第3話:神父と神主

「あっと、あなたは?」

「えっと、ここの住人?」


 戸惑った様子の神父さんに対して、こっちも戸惑い気味に返事を返す。

 取り合えず、後ろの武装した人たちが気になる。

 というか、怖い。

 神父さんがいなかったら、完全に強盗だと思っただろう。


「なるほど、ある朝目が覚めたらここにいたと」


 簡単に状況を説明する。

 メインで話をしている神父さんは、ミルドさんというらしい。

 他の2人は修道士で、ミルドさんの付き人らしい。

 武装した人たちは護衛の冒険者とのこと。


 俺の知っている冒険者と違う。

 俺が知っている冒険者といったら、世界摩訶不思議発見のフトシ君人形のような恰好をした人だ。

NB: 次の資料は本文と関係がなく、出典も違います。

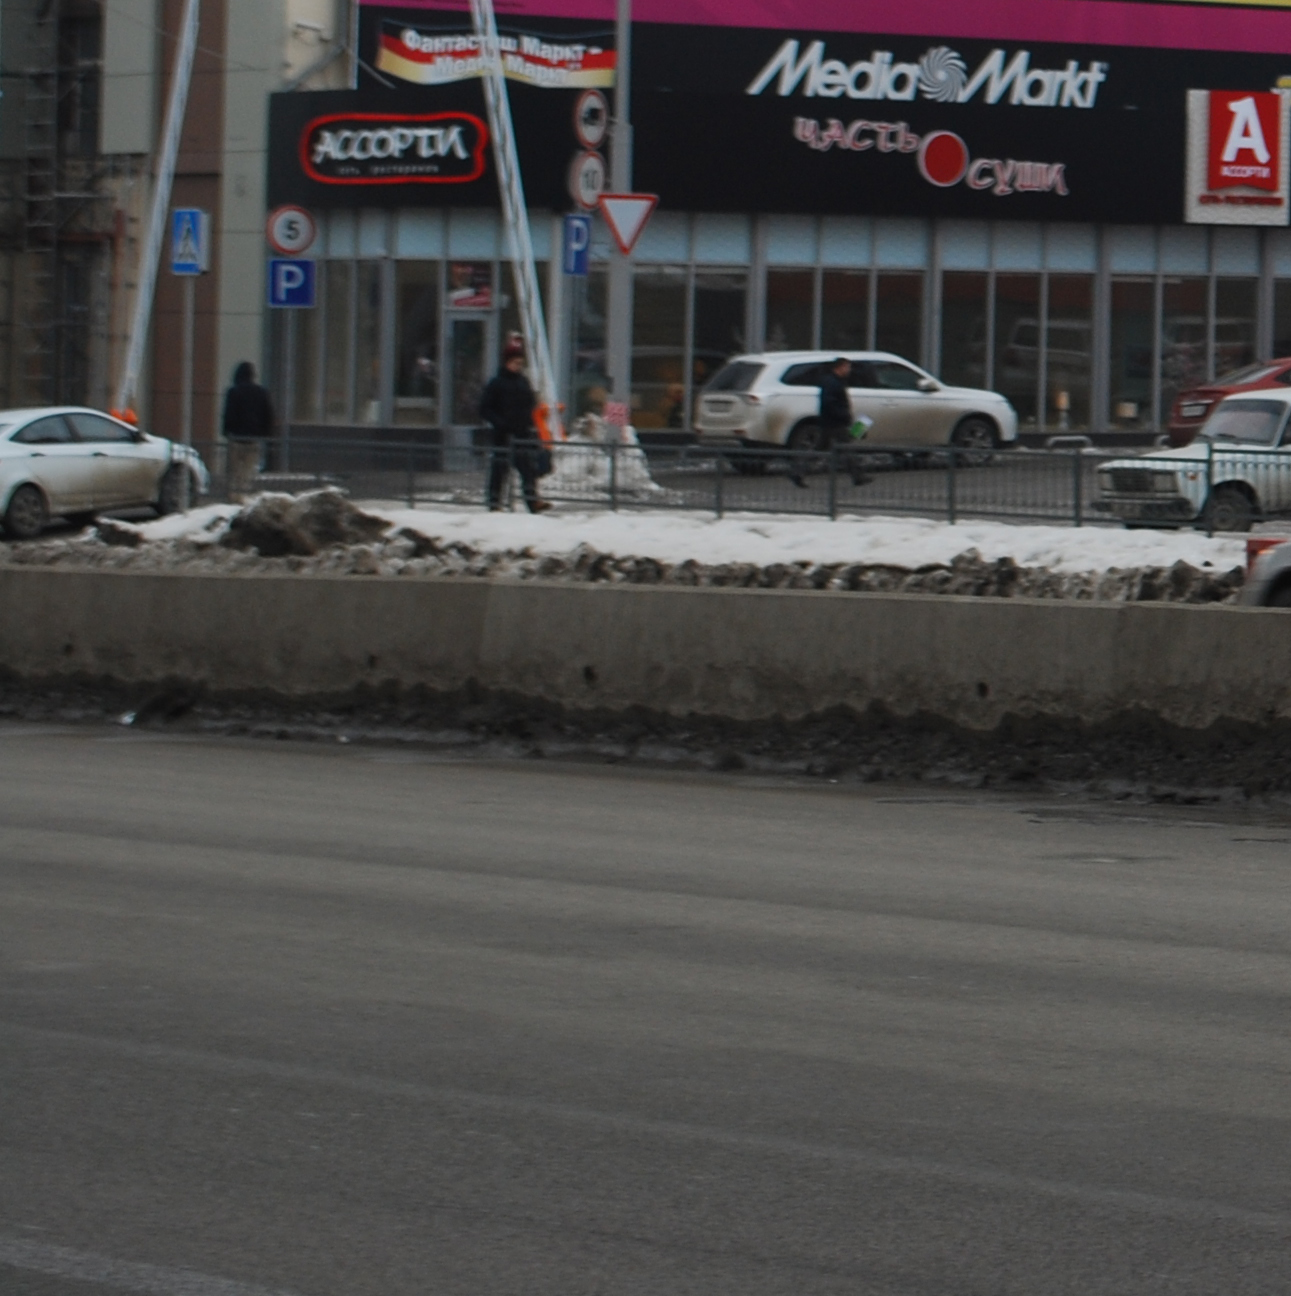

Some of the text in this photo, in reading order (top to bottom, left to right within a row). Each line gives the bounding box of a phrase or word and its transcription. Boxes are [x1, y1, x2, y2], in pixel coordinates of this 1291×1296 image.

[401, 28, 518, 55] Фантастш
[311, 125, 470, 164] АССОРТИ
[966, 158, 1070, 195] СУШИ
[285, 220, 300, 241] 5
[569, 218, 588, 273] P
[277, 264, 305, 301] P
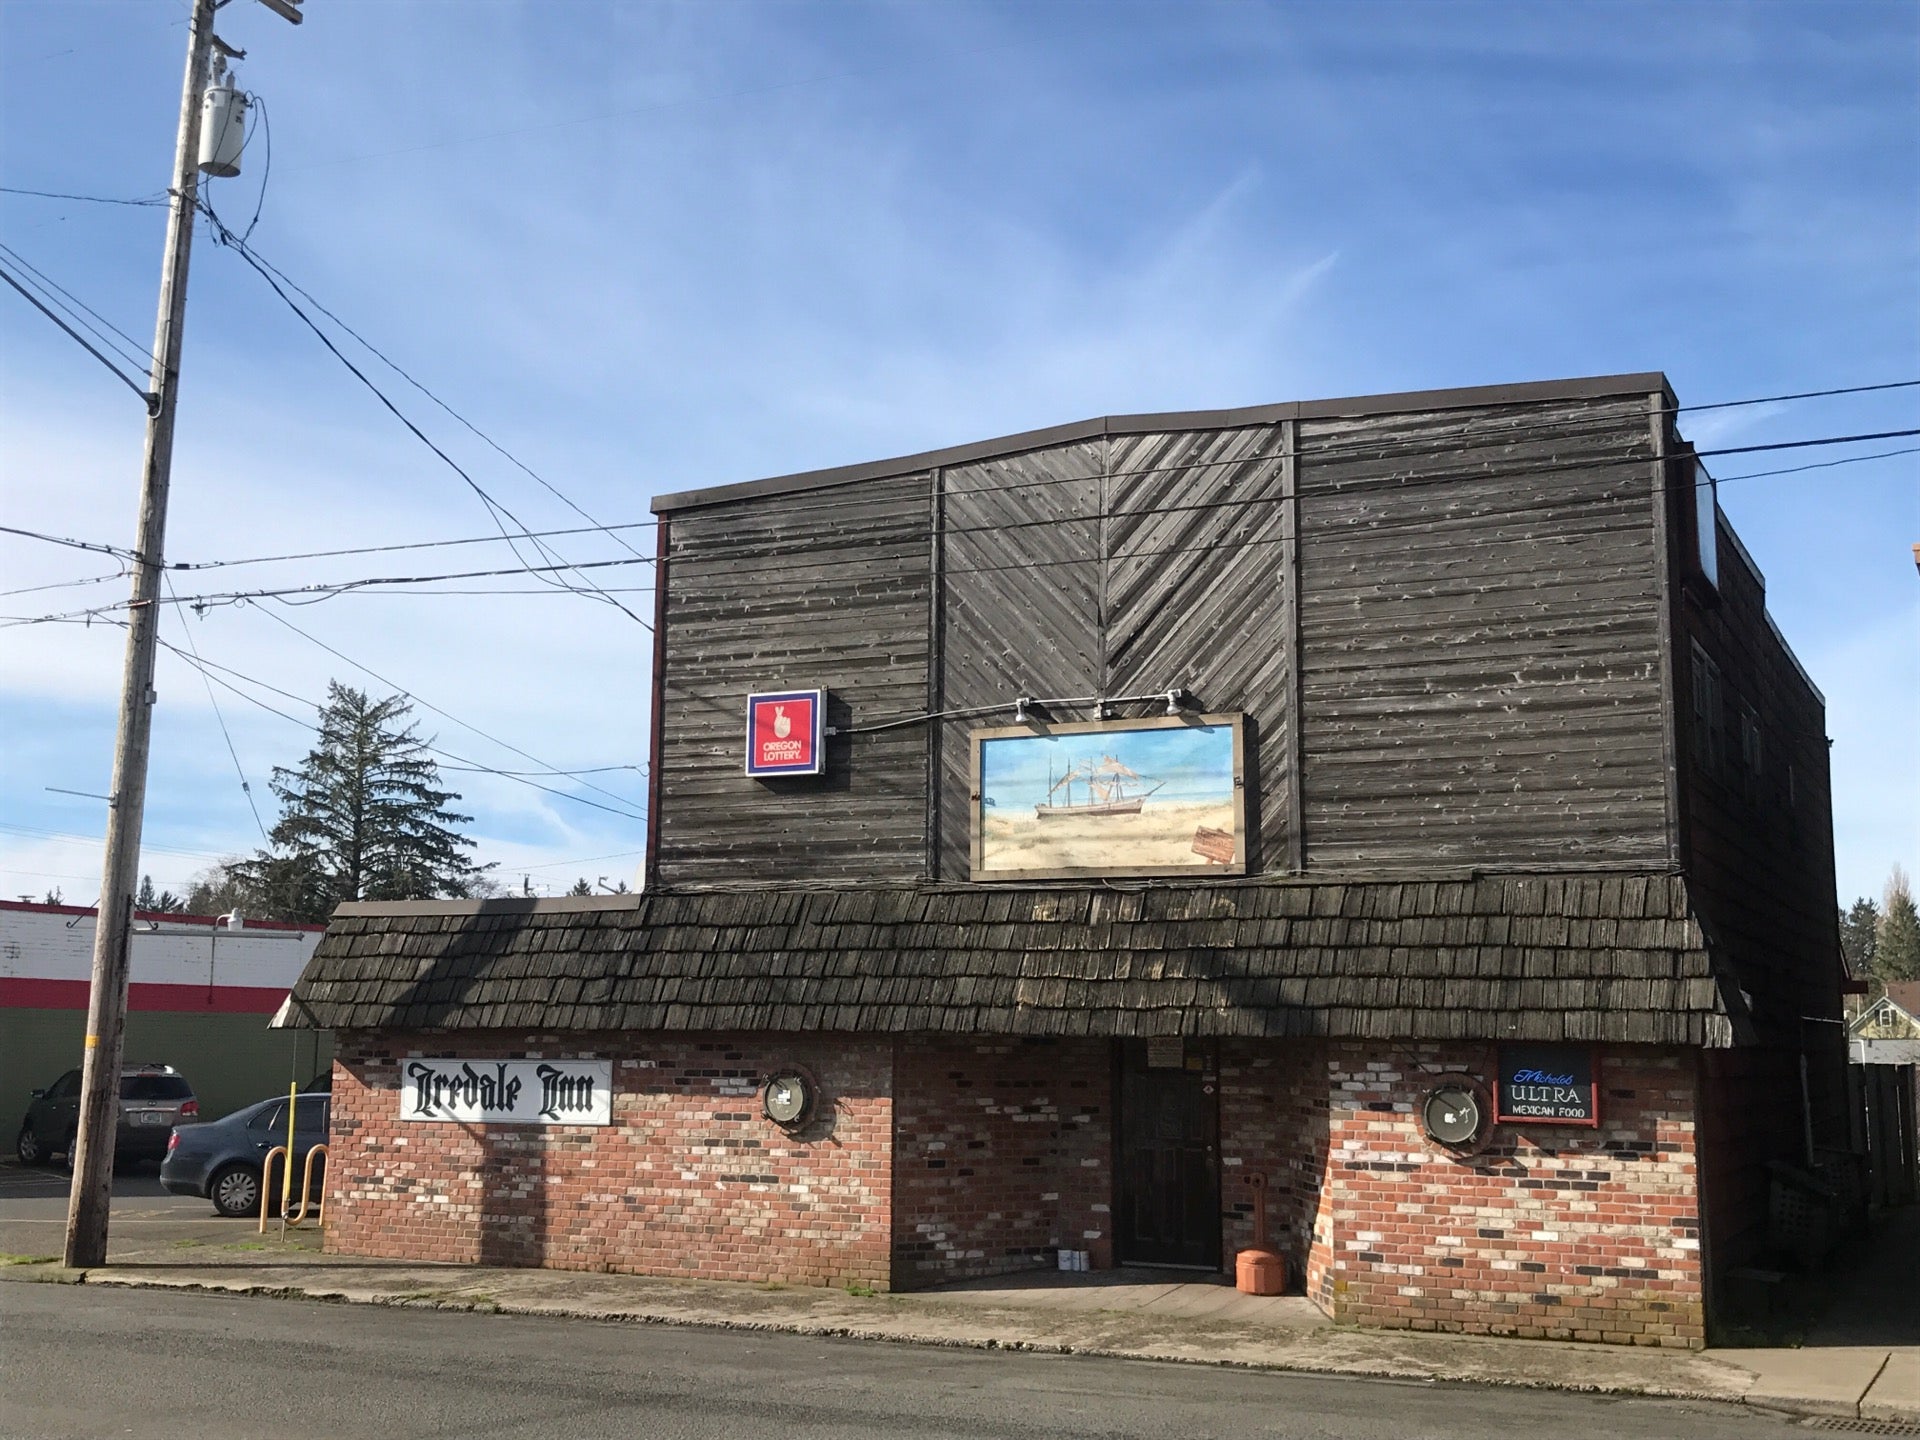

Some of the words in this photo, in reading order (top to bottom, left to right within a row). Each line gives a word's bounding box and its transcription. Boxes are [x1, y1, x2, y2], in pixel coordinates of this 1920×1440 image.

 グレーというか、ベージュの服と帽子で双眼鏡を首からかけて、秘境を探検する人。


 目の前の冒険者と呼ばれた人は鎧やローブを着ていて、剣や弓、杖を持っている。

 RPGのコスプレかな?


 ミルドさんに湯気が立つ湯飲みを差し出す。


「あっ、えっと……ありがとうございます」


 お茶を出さないととか頓珍漢なことを考えていたら、目の前に急須と湯飲みが。

 緑茶で良いのかな?

 顔からして、コーヒーとか紅茶の方が合いそうだけど。

 でも、せっかくだからとそのまま差し出した形だ。


「風味が豊かで美味しいですね」


 良かったらしい。

 口にあったみたいでなにより。

 で、神託というのは?


「ここに現れた神の御子が寂しがっている。手助けせよとの神託が下りました。多くの人がいる場で突如神像が喋ったので、この奇跡に……」


 ミルドさんの言葉を手で遮る。

 確かに、寂しいなとは思っていた。

 でも、ちょっと待とう。


 神の御子?

 誰が?


「えっと、ここに神はいらっしゃらないのですか?」


 普通の人である私しかいませんが?

 祭壇はあるけど、ご神体のようなものは無かった気が。

 鏡とかあったっけ?

 いや、何もなかったような……


 しばらく調査をしたのち、今回連れてきた修道士の1人を置いて帰るらしい。

 うーん、まあ話相手がいてくれるのは助かる。

 それと、色々とこの国について教えてくれるらしい。

 何か、俺の知っている世界と違う気がしなくもない。

 そもそも、聞いたことのない国だったし。

 まあ、全ての国を知っている訳じゃないけど。

 ヨーロッパ圏のような人種の住む国で、ここまで聞き覚えが無い国というのもあり得ない気が。

 ちなみに、国の名前はラーザニアというらしい。

 美味しそうな国だ。


 そんなことを考えたからか、夕飯は珍しく洋食だった。

 ラザニアだ。

 まあ、あっちの国っぽい人たちが来てたからよかったけど。


 一口食べたあと、全員が一気に掻き込んでいた。

 確かに美味しいけど、そこまでかな?

 冒険者の人達が空になった器を寂しそうに眺めていたので、おかわりいるのかな? とかって考えたら器にまたラザニアが盛られてた。


「あなたでしたか……」


 ミルドさんと修道士さんがそう言って五体投地みたいな恰好をしてたので、慌てて引き起こす。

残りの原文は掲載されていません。